Оставляю в стороне этот предмет и перехожу снова к занятиям войск Пшехского отряда летом 1863 года. Время это было почти совершенно мирным, так как граф Евдокимов, приехавший в отряд Геймана, успел заключить с абадзехами перемирие, выгодное для обеих сторон; потому что каждая могла предаться полевым работам — косьбе, жатве и пр. В деле этом нам славно помогла саранча, которая поела у абадзехов почти весь хлеб, так что им приходилось покупать его в наших станицах. Случай такого рода был не первый. В 1860 году та же саранча да еще недостаток соли заставили абадзехов изъявить полную покорность России, ими, однако, вскоре потом нарушенную. Шутники говорили, что эта саранча доставила князю Барятинскому фельдмаршальский жезл[385]
; но, разумеется, это был парадокс. Недостаток же соли всегда был одною из причин, заставлявших горцев быть с нами не в непрерывной вражде. Так называвшиеся прежде мирные аулы, ближайшие к нашим линиям, вели значительную торговлю соли, покупая ее у нас и продавая своим единоплеменникам в горах. Не помню уж, какой командующий войсками, кажется, генерал Филипсон, пользовался этою потребностью горцев в соли, чтобы запрещением провоза ее за линию достигать хоть временного умиротворения хищников.Упомянув о горцах и их отношениях к нам, позволю себе, в заключение этих отрывочных воспоминаний, сказать несколько слов и об этих людях, в 1861–1863 годах постепенно исчезавших с лица западного Кавказа. Если бы теперь кто-либо из лиц, не видавших Кавказских гор в эпоху, предшествовавшую их занятию русскими, вздумал очертить быт тогдашнего их населения, то он ничего бы не мог лучше сделать, как перевести Тацитову «Германию»[386]

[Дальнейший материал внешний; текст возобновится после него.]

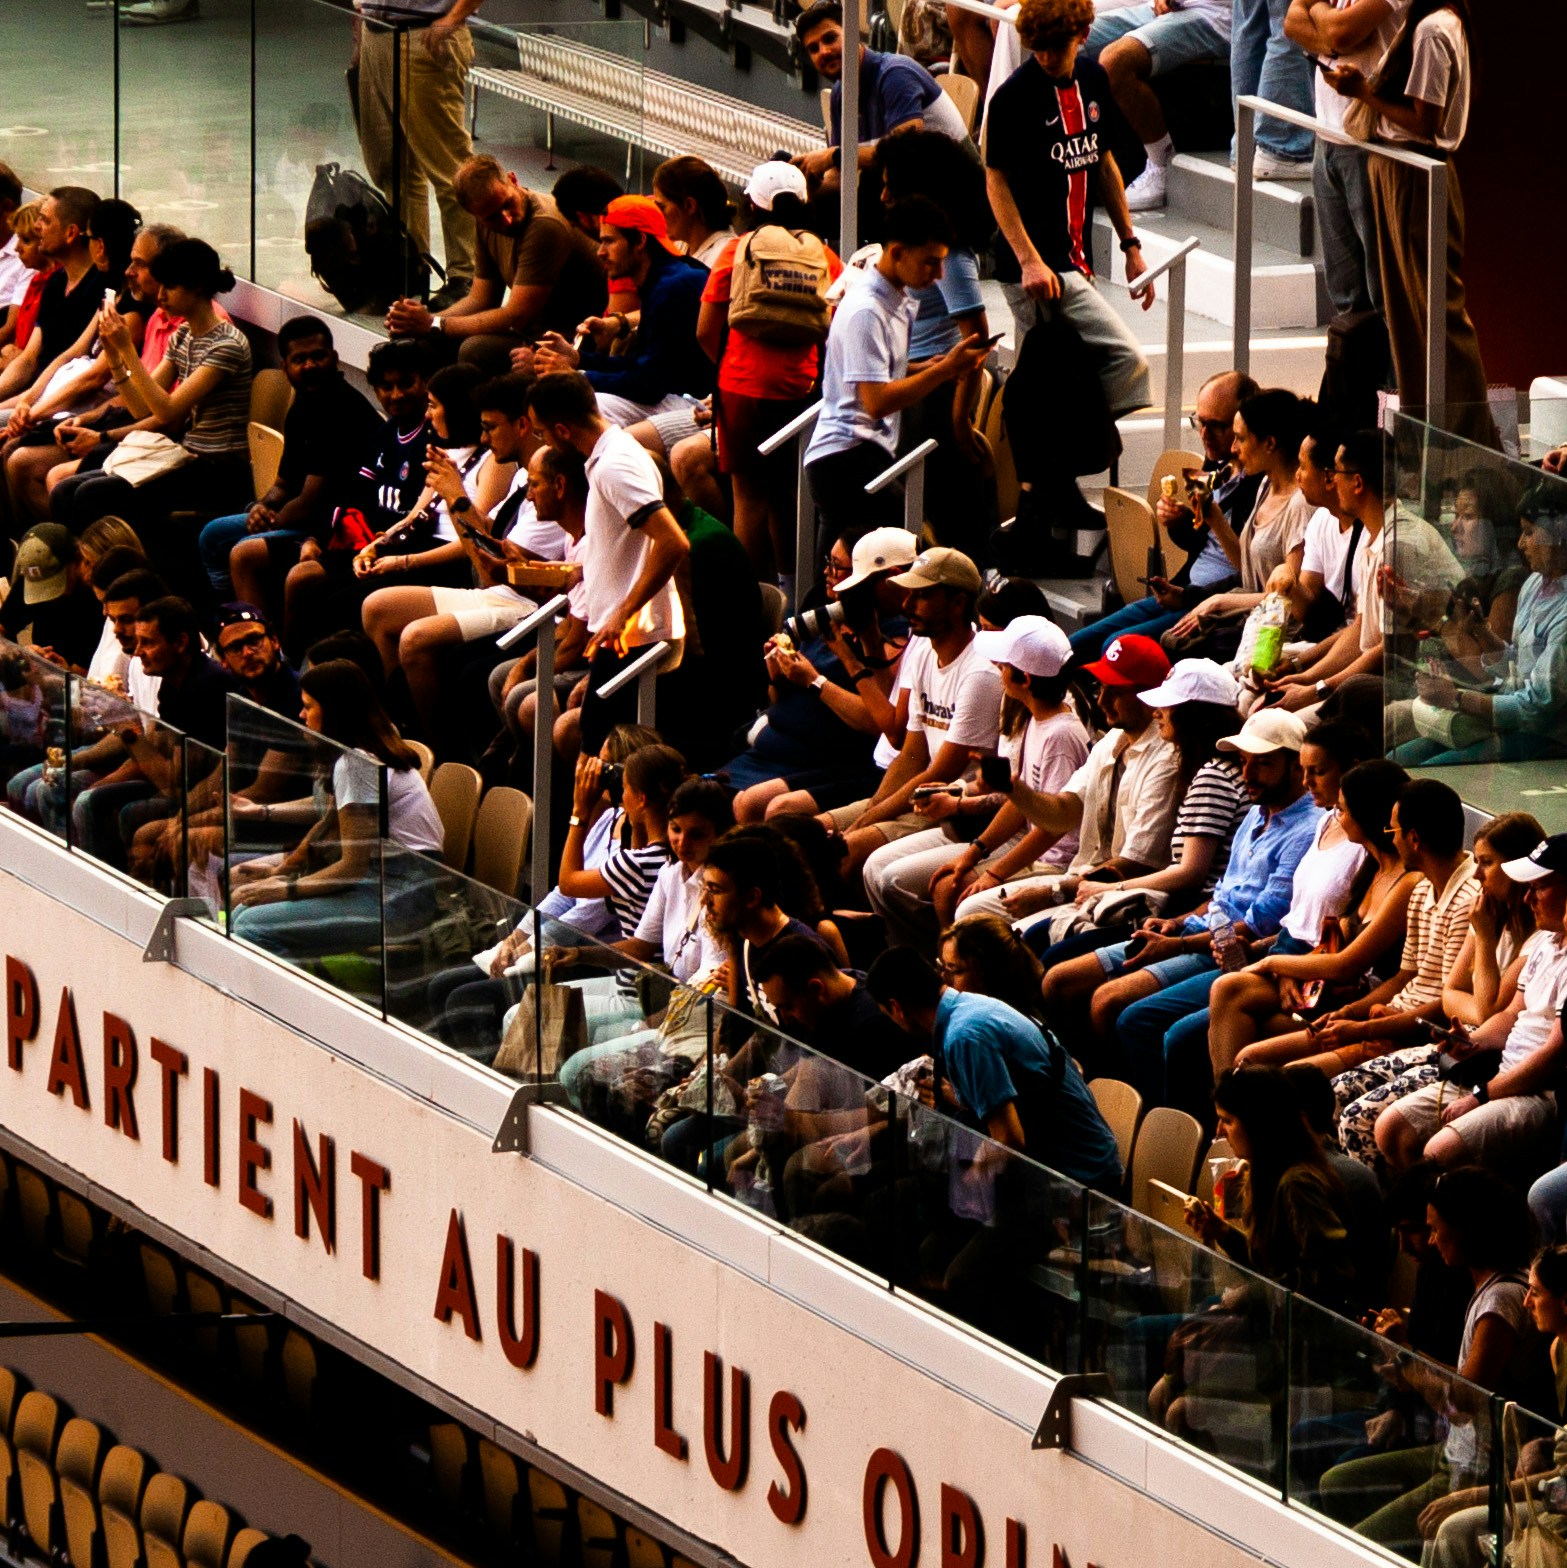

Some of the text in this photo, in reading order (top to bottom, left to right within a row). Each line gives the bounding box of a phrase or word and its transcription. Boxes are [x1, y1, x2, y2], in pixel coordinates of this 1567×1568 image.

или даже те места из «Комментариев» Цезаря[387], которые относятся до германцев: до того сходство было велико. Разбросанные среди местных гор, по долинам и косогорам, небольшими аулами, а то и отдельными саклями из плетня, обмазанного глиною или из досок и бревен, жилища горцев самым расположением своим доказывали, что тут сильно развита индивидуальная и семейная жизнь, но нет общественной, а тем более государственной. Ставленник Шамиля, Магомет-Аминь, пробовал было водворить зачатки государственности у абадзехов, но не имел успеха. Последний памятник этой государственности я видел в 1862 году у Каменного моста на реке Белой, верстах в четырех ниже Дахо. То был домик, в котором помещалось мегкеме или судилище, устроенное Магомет-Аминем. Мы нашли в нем даже деревянные колодки, которые надевались преступникам на ноги, чтобы они не могли бежать из предварительного заключения. Говорю предварительного, потому что карательного, кажется, не было. Горцы, находившиеся при нашем отряде, уверяли, что обыкновенно обвиняемых или оправдывали, если у них была влиятельная родня, или осуждали, и тогда расправа была коротка: преступника ставили на Каменный мост и свергали оттуда в кипевшую под ним бездну. А значение этой бездны понять легко, если сказать, что бросаемые в нее бревна разносились в щепки, потому что вся масса вод Белой тут сжата в русло шириною от 2 до 4 аршин и несется между совершенно отвесными утесами. Вот была юстиция Магомет-Аминя; где же были другие элементы горской гражданственности? Их не было. Читайте панегириста горцев Лапинского, и там не найдете доказательств, чтобы горцы в 1860-х годах были способны одни, сами по себе, образовать правильные гражданские общества. Они соединялись в партии для набегов или отражения наших войск; но даже и тут не умели организоваться. У них не было постоянных вождей; по крайней мере после Магомет-Аминя их не было у абадзехов. Оттого-то граф Евдокимов, отдавая справедливость их храбрости, их рыцарской честности в некоторых случаях называл их все-таки баранами, да еще такими, с которыми пастуху было бы много хлопот. Поэтому-то он и выгонял их в Турцию.